Chat Control 1.0 to the vote in the EU Parliament, what is the law that removes privacy from chats

Today, July 9, the European Parliament will have to vote for the third time on a law that it has already rejected, the exception to the digital privacy legislation, more commonly called Chat Control 1.0. This is a rule designed to search for explicit content involving minors, but which is criticized because it would allow platforms and providers to read all user conversations.

The proposal was abandoned and evolved into Chat Control 2.0, which would force tech companies to monitor every private exchange between their users, when Chat Control 1.0 simply allows it.

The history of Chat Control

In 2020, the EU passed privacy legislation that ensures that chats and email exchanges cannot be legally read by people other than those involved in the exchange if they don’t want to. In fact, with this regulation, the European Electronic Communications Code equates digital correspondence with physical correspondence.

This legislation prevented technology companies from reading conversations made through their messaging applications. For the European Commission this was not acceptable. The EU executive would have liked to allow internet providers to read citizens’ chats, so as to be able to report a crime: the dissemination of child pornography. Thus, Chat Control 1.0 was born, which would include:

  • an exception to privacy legislation;
  • a concession to providers, but no obligation.

However, the European Parliament has blocked the rule twice because, according to critics, it would give rise to a systematic violation of the privacy of private conversations. However, the European Commission has not given up, on the contrary it has proposed Chat Control 2.0, an even more extreme version of chat control, which would require providers to monitor every correspondence.

Criticisms of Chat Control

Those who criticize Chat Control, both the first and second versions, do so not on the purpose of the law, but on the means it uses. According to critics, this is mass surveillance and the violation of private correspondence that all Western constitutions, including the Italian one in Article 15, guarantee.

Critics, including several cybersecurity experts as well as many digital rights associations, point out that the control would be automatic, left entirely to an algorithm. An incorrect report from this algorithm could ruin anyone’s life, given the seriousness of the crimes it would look for.

Finally, there is the question of precedent. Legally, there is nothing that distinguishes child pornography from other crimes. Nothing would therefore prevent a government from using Chat Control to monitor every conversation for various crimes. From there to the search for political opponents, according to critics, it would be a very short step.

Chat Control technical problems

Mass monitoring of people’s conversations is not only a violation of citizens’ fundamental rights, according to critics of Chat Control. In the digital space, there are also serious technical problems that cannot be overcome without causing significant cybersecurity risks.

The central one, especially for Chat Control 2.0, is end-to-end encryption.
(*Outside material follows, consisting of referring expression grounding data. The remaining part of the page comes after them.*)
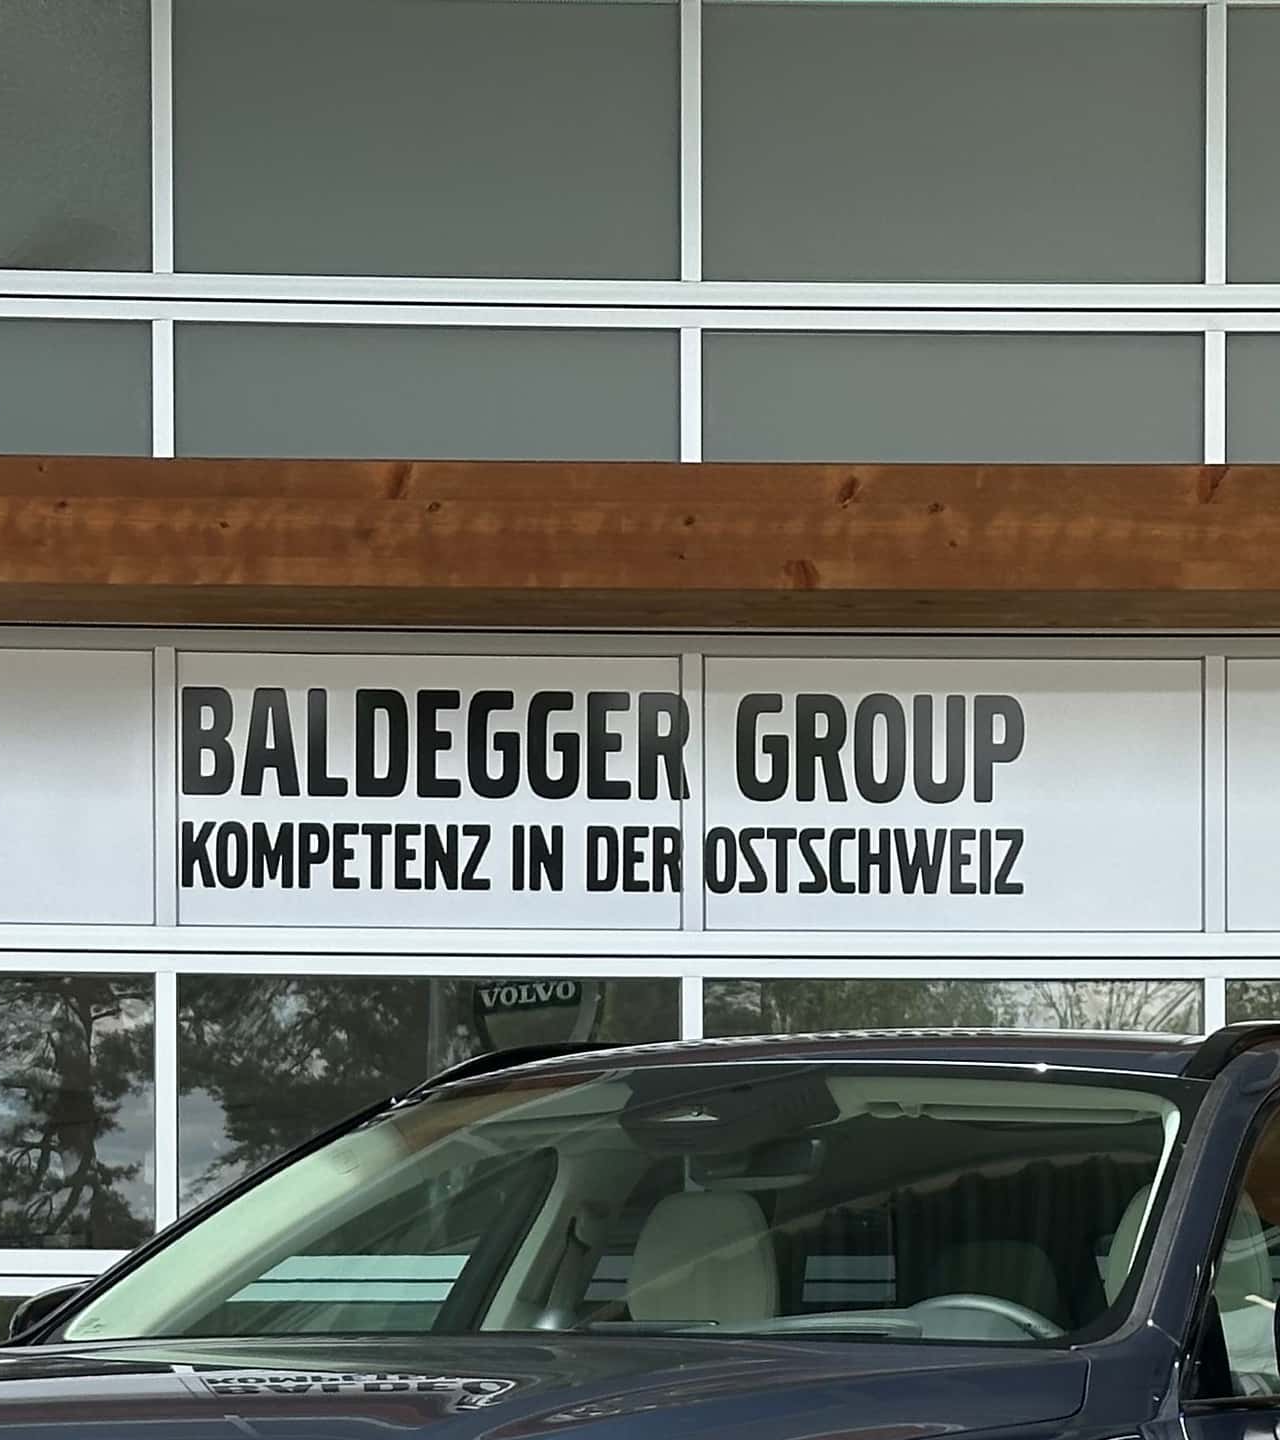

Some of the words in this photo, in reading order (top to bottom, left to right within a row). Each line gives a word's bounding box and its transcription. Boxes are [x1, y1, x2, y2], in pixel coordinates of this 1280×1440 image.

[181, 686, 690, 800] BALDEGGER
[736, 692, 1025, 804] GROUP
[181, 821, 491, 889] KOMPETENZ
[512, 825, 563, 891] IN
[586, 826, 682, 892] DER
[704, 827, 1024, 894] OSTSCHWEIZ
[478, 980, 576, 1009] VOLVO
This technology is common on many messaging services, including the most widespread in Europe, WhatsApp. It effectively applies the principle of confidentiality of correspondence to the technological field. Conversations are encrypted, only those who send and receive them have the key to decipher them. Not even the company that controls WhatsApp, Meta, has the ability to read them.

This is a problem for Chat Control, which wants to allow, or require, internet providers and companies to read chats. The only solution is to transfer control to the device sending the message, so that the message is read before it is sent.
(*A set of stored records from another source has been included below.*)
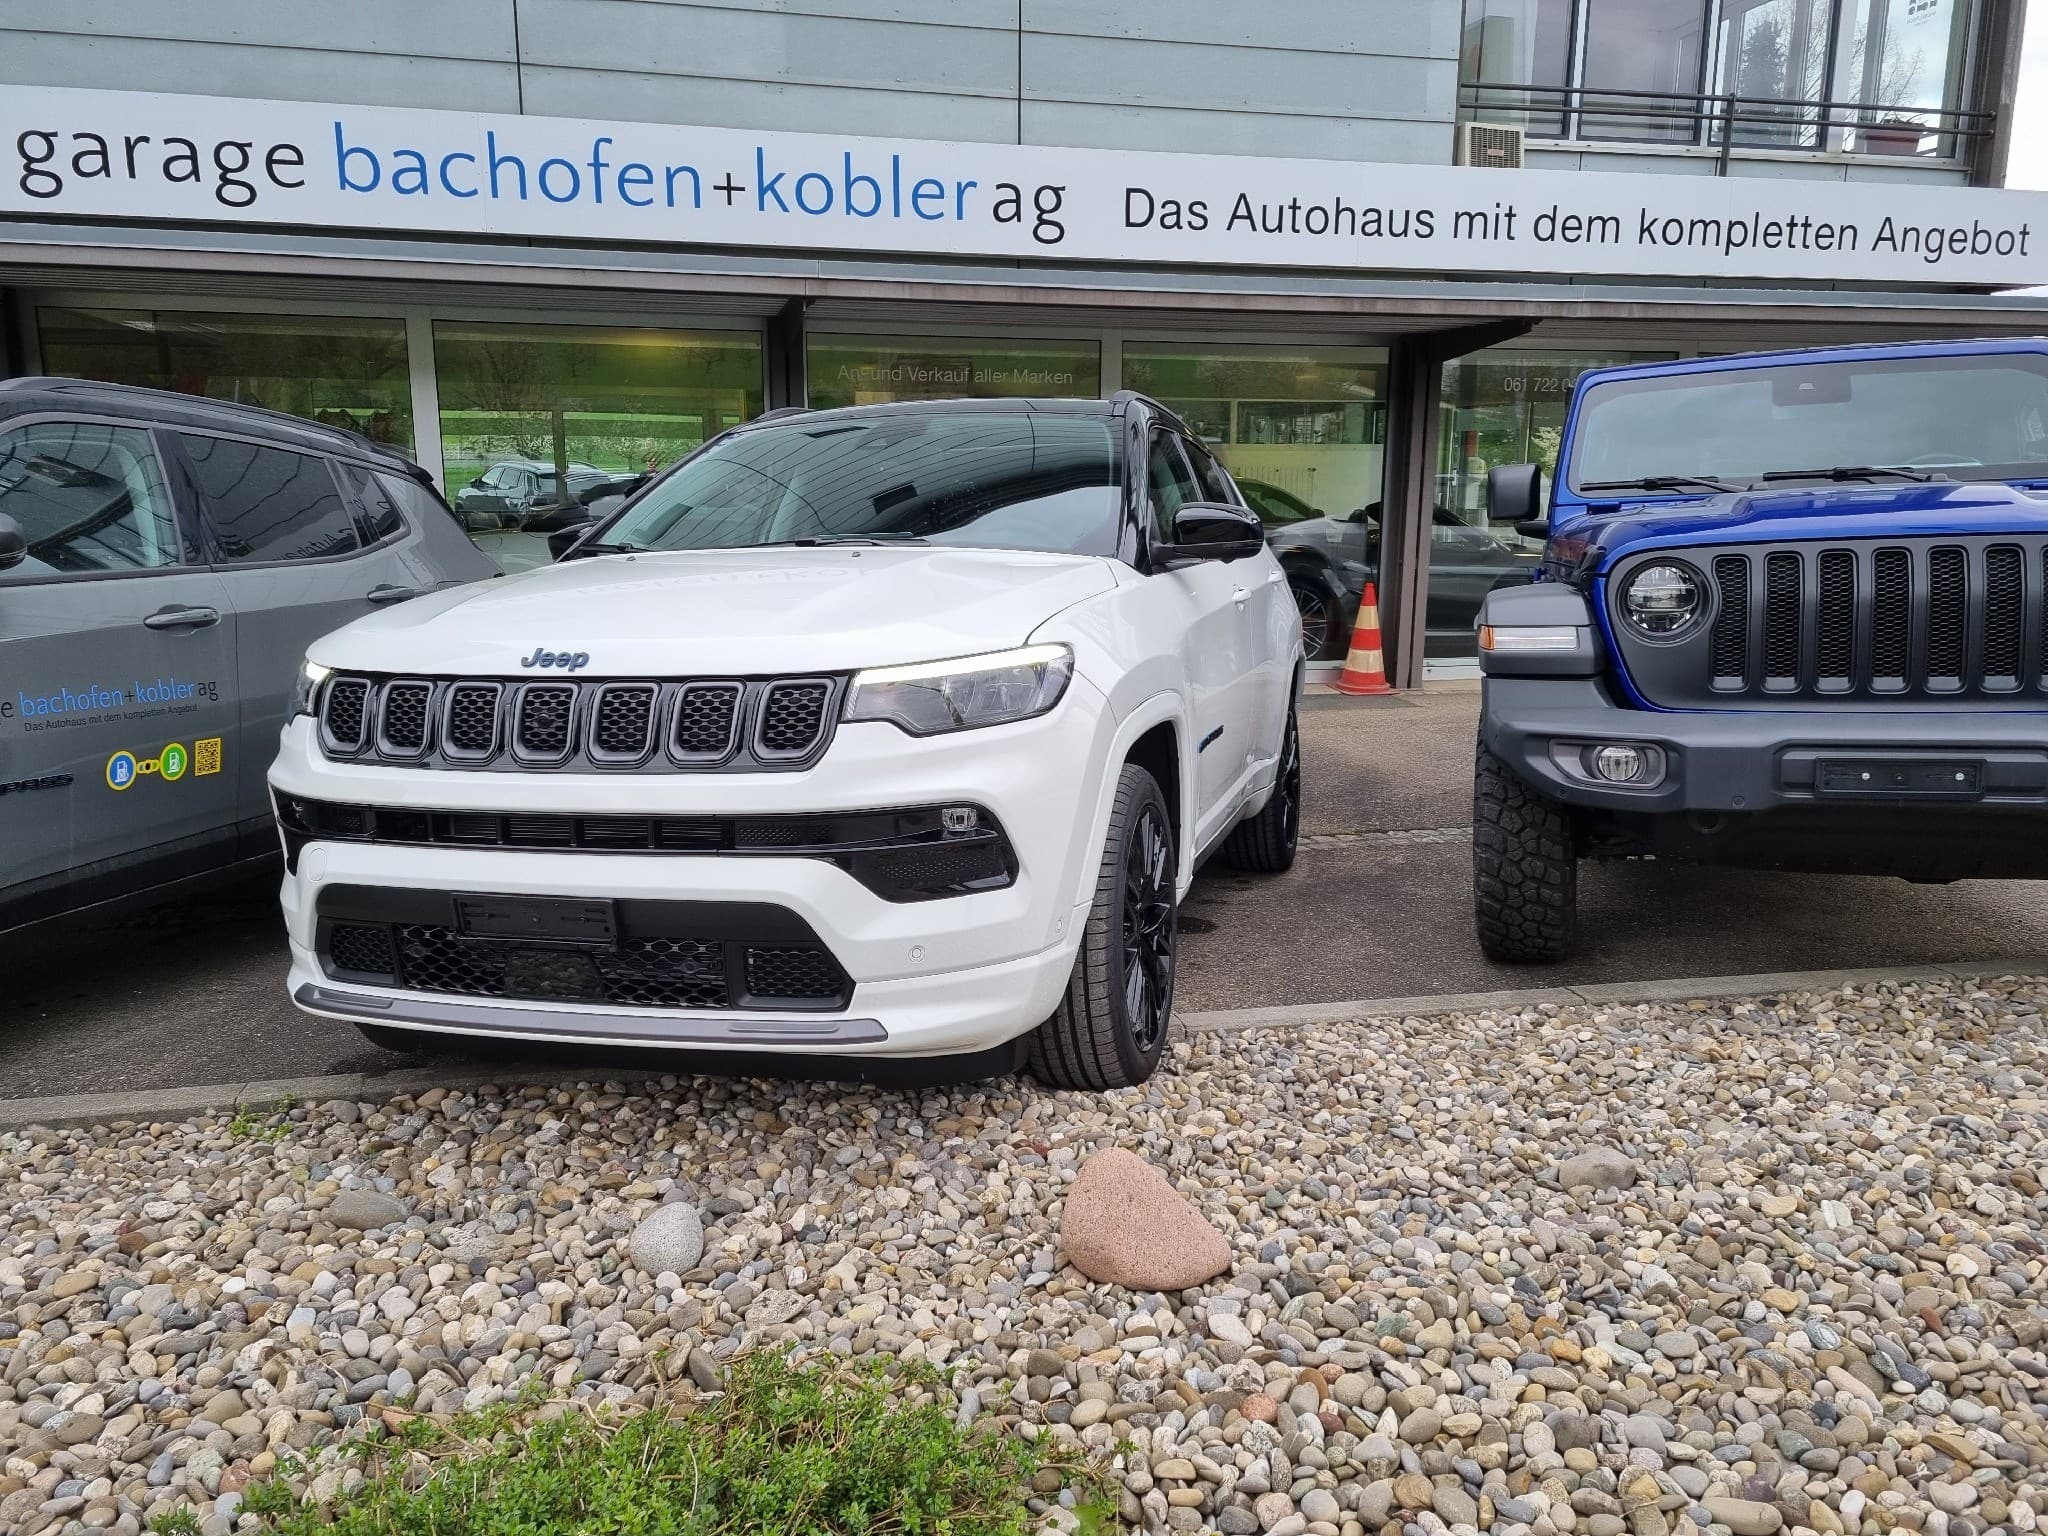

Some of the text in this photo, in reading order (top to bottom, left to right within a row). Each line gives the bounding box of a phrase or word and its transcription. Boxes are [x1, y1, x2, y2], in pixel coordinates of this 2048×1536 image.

[16, 129, 305, 207] garage
[993, 183, 1065, 244] ag
[1125, 188, 2029, 263] Das Autohaus mit dem kompletten Angebot
[871, 366, 902, 381] und
[907, 366, 970, 382] Verkauf
[974, 368, 1008, 383] aller
[1013, 369, 1073, 384] Marken
[1503, 377, 1577, 392] 061 722 0
[520, 647, 590, 672] Jeep
[197, 681, 219, 702] ag
[24, 703, 198, 732] Das Autohaus mit dem kompletten Angebot
If a system like this were hacked it could lead to disastrous consequences. For private individuals, the risks would potentially be theft of credentials, identities, documents and anything sent by message. However, a national security problem would also arise if the hacker attack was ordered, as often happens, by a foreign state, and the targets were high-ranking state officials.

Where are we with Chat Control?

To date, there are therefore two forms of Chat Control: 1.0 and 2.0. The main differences between the two are summarized in this table:

Chat Control 1.0 Chat Control 2.0
Year of proposal 2021 2022
Objective Allow controls of private chats Force companies and providers to control chats via orders
Technical problems Nobody Overcoming end-to-end encryption
Criticisms Systematic violation of privacy Mass surveillance and security risks

Regarding Chat Control 1.0, the legislative process could accelerate after the July 9 vote in the European Parliament. Chat Control 2.0, however, continues to remain blocked. Negotiations are underway between the European Commission and the Council of the EU, which are pushing for its approval, and the European Parliament, which in recent years has expressed criticism of the measure and which has rejected it several times, in its various forms.